[Data records Boundary: Start]

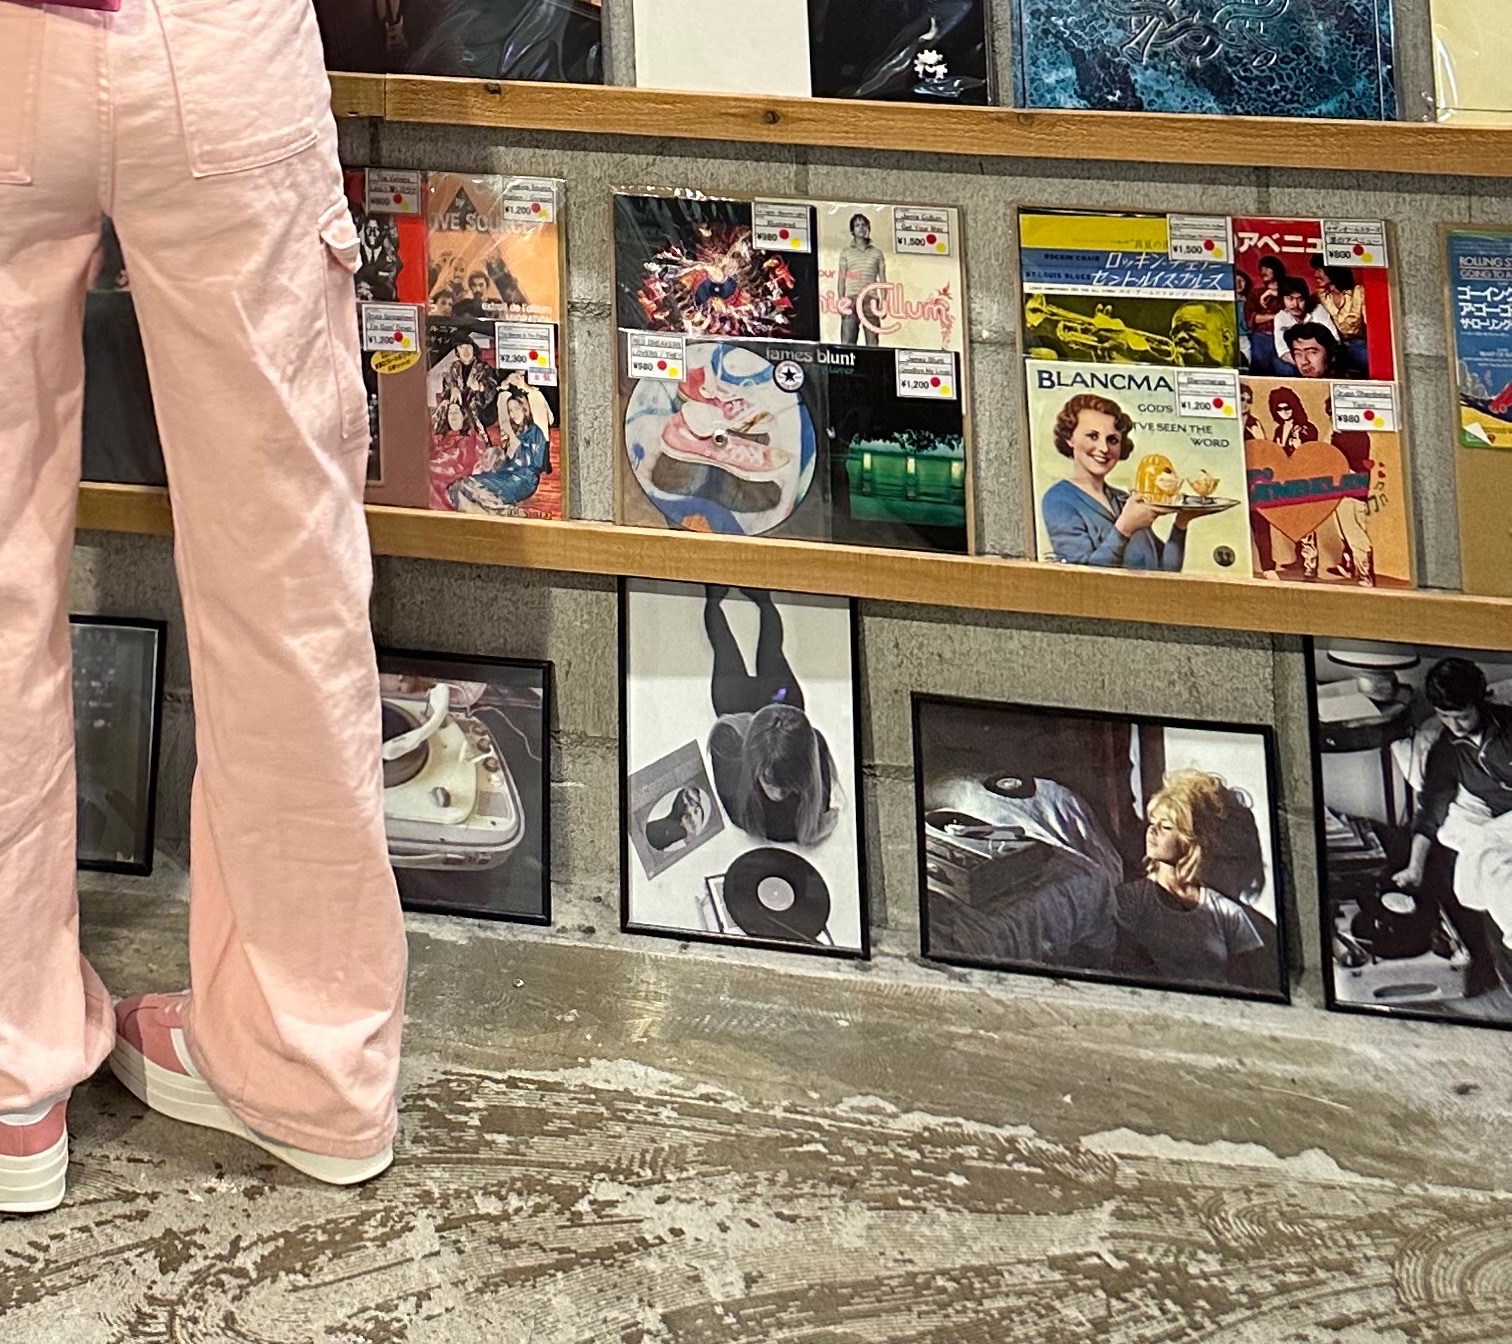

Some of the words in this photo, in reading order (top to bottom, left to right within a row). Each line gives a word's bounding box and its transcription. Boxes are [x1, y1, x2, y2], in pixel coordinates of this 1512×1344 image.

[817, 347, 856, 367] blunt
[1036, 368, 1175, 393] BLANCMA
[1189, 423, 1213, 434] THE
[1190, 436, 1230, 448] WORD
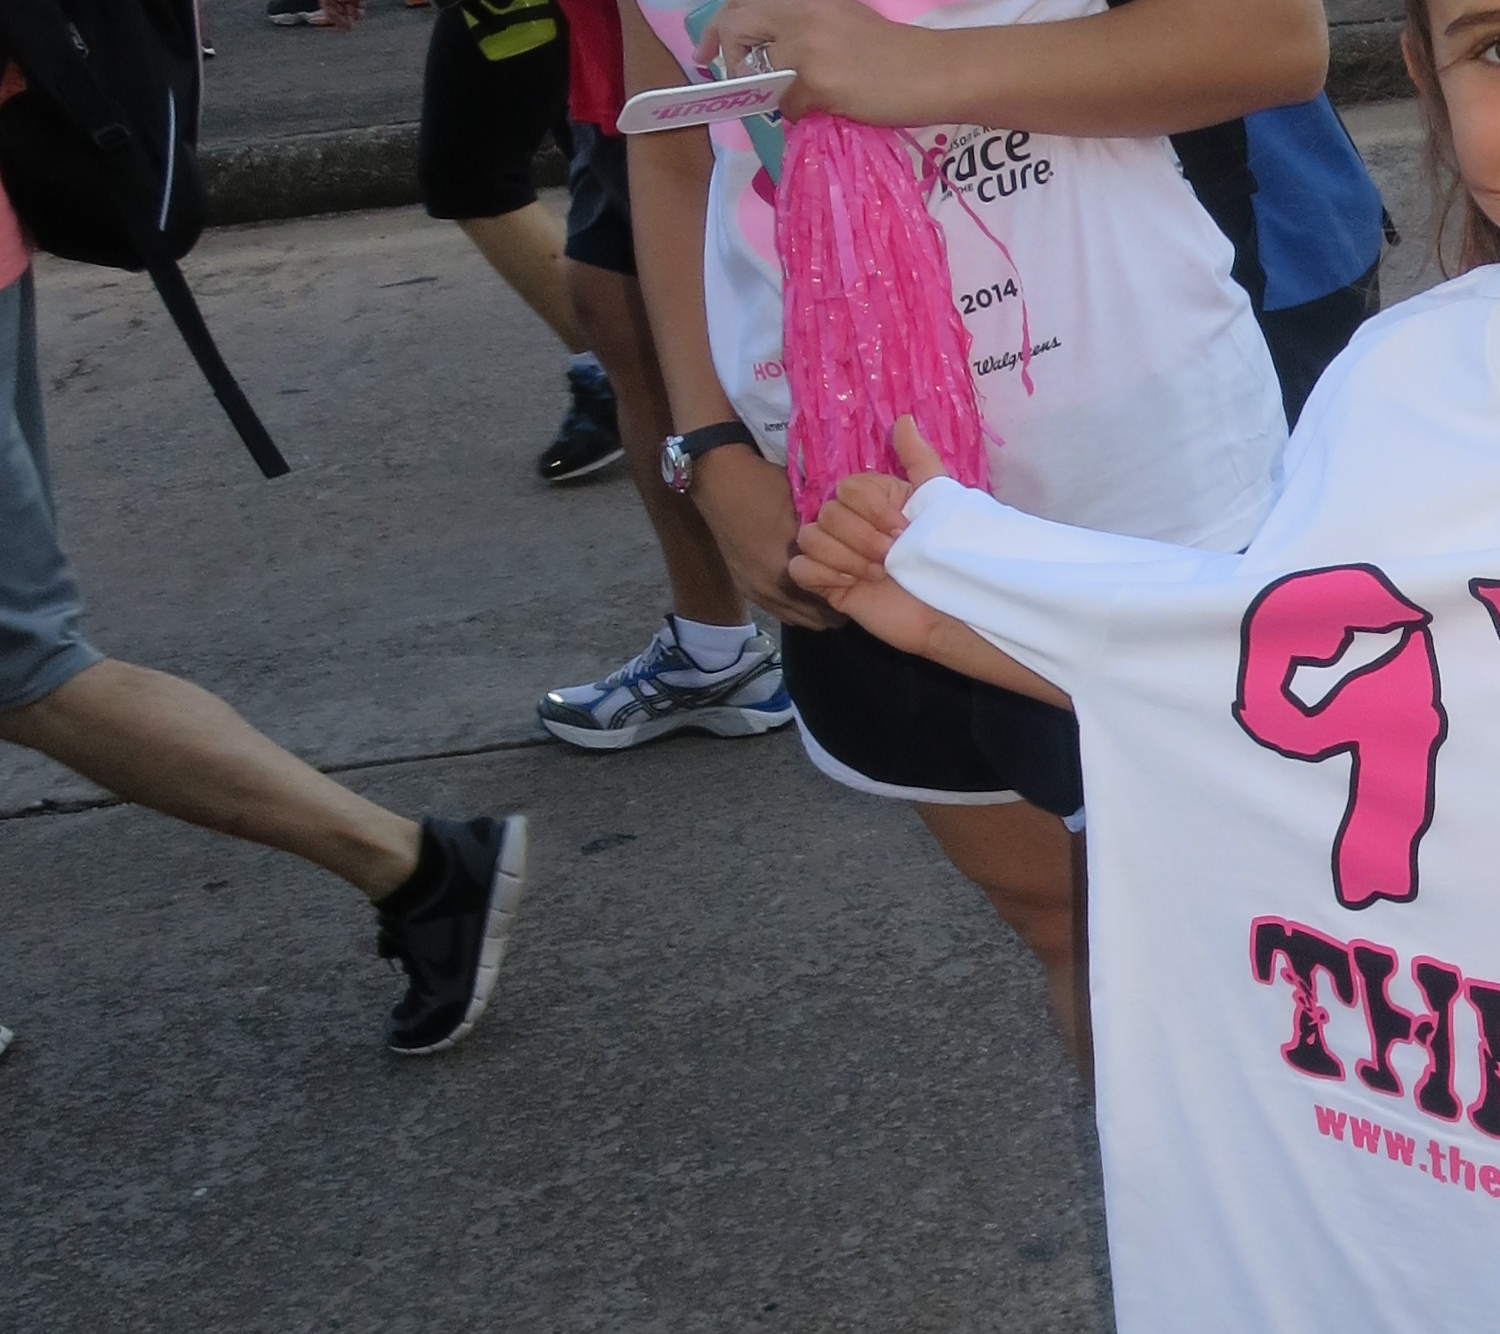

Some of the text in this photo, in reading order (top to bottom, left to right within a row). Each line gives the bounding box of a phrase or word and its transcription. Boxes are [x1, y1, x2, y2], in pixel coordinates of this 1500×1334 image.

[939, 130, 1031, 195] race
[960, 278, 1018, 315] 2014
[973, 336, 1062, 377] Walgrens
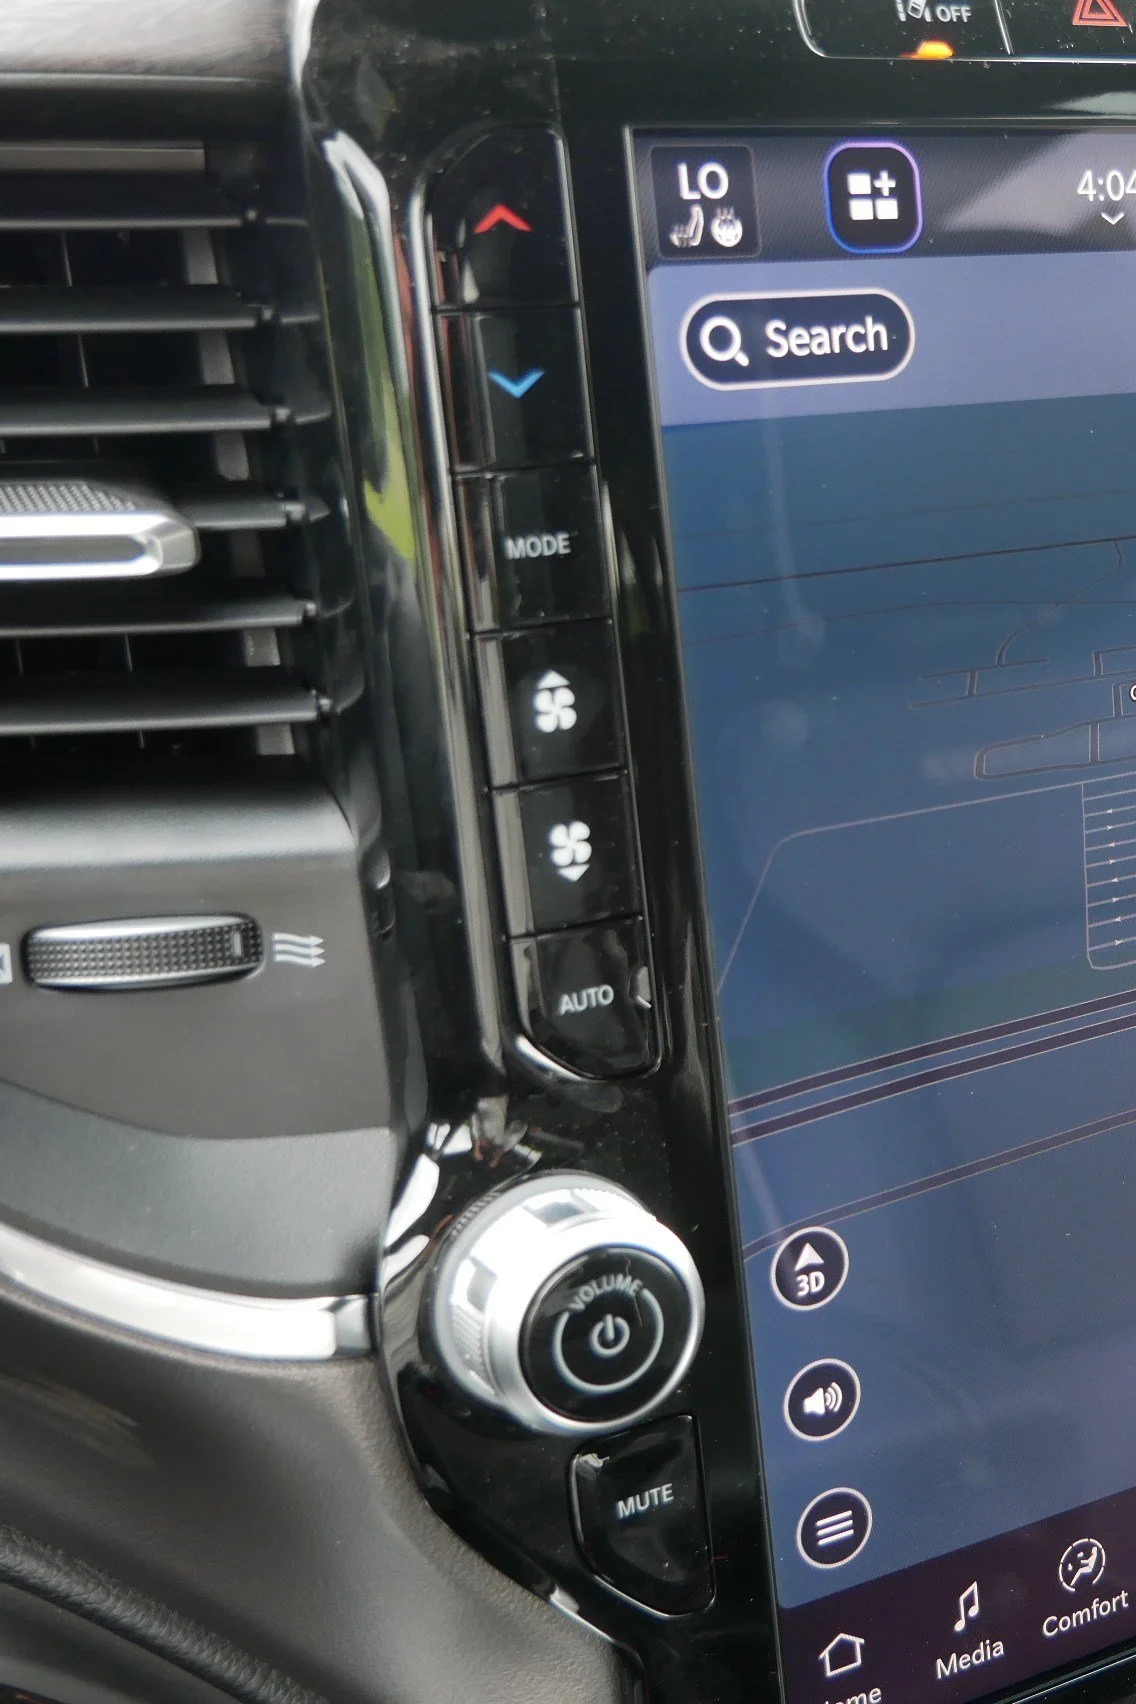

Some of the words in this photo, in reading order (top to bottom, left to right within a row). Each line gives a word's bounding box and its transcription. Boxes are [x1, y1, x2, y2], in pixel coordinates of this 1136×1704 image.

[Data records Boundary: End]

Task brief
Excluding every picture, write out each record word for word.

Result of this exercise
Some of the words in this photo, in reading order (top to bottom, left to right within a row). Each line gives a word's bounding box and its transcription. Boxes are [x1, y1, x2, y2], in pixel coordinates of this 1512×1344 image.

[817, 347, 856, 367] blunt
[1036, 368, 1175, 393] BLANCMA
[1189, 423, 1213, 434] THE
[1190, 436, 1230, 448] WORD

Some of the text in this photo, in reading order (top to bottom, left to right within a row). Each line gives the bounding box of a phrase or word and its transcription. Boxes are [x1, y1, x2, y2], in pixel coordinates of this 1500×1334 image.

[939, 130, 1031, 195] race
[960, 278, 1018, 315] 2014
[973, 336, 1062, 377] Walgrens

Some of the words in this photo, in reading order (top to bottom, left to right within a row). Each line gives a word's bounding box and its transcription. Boxes are [x1, y1, x2, y2], in pixel coordinates of this 1136×1704 image.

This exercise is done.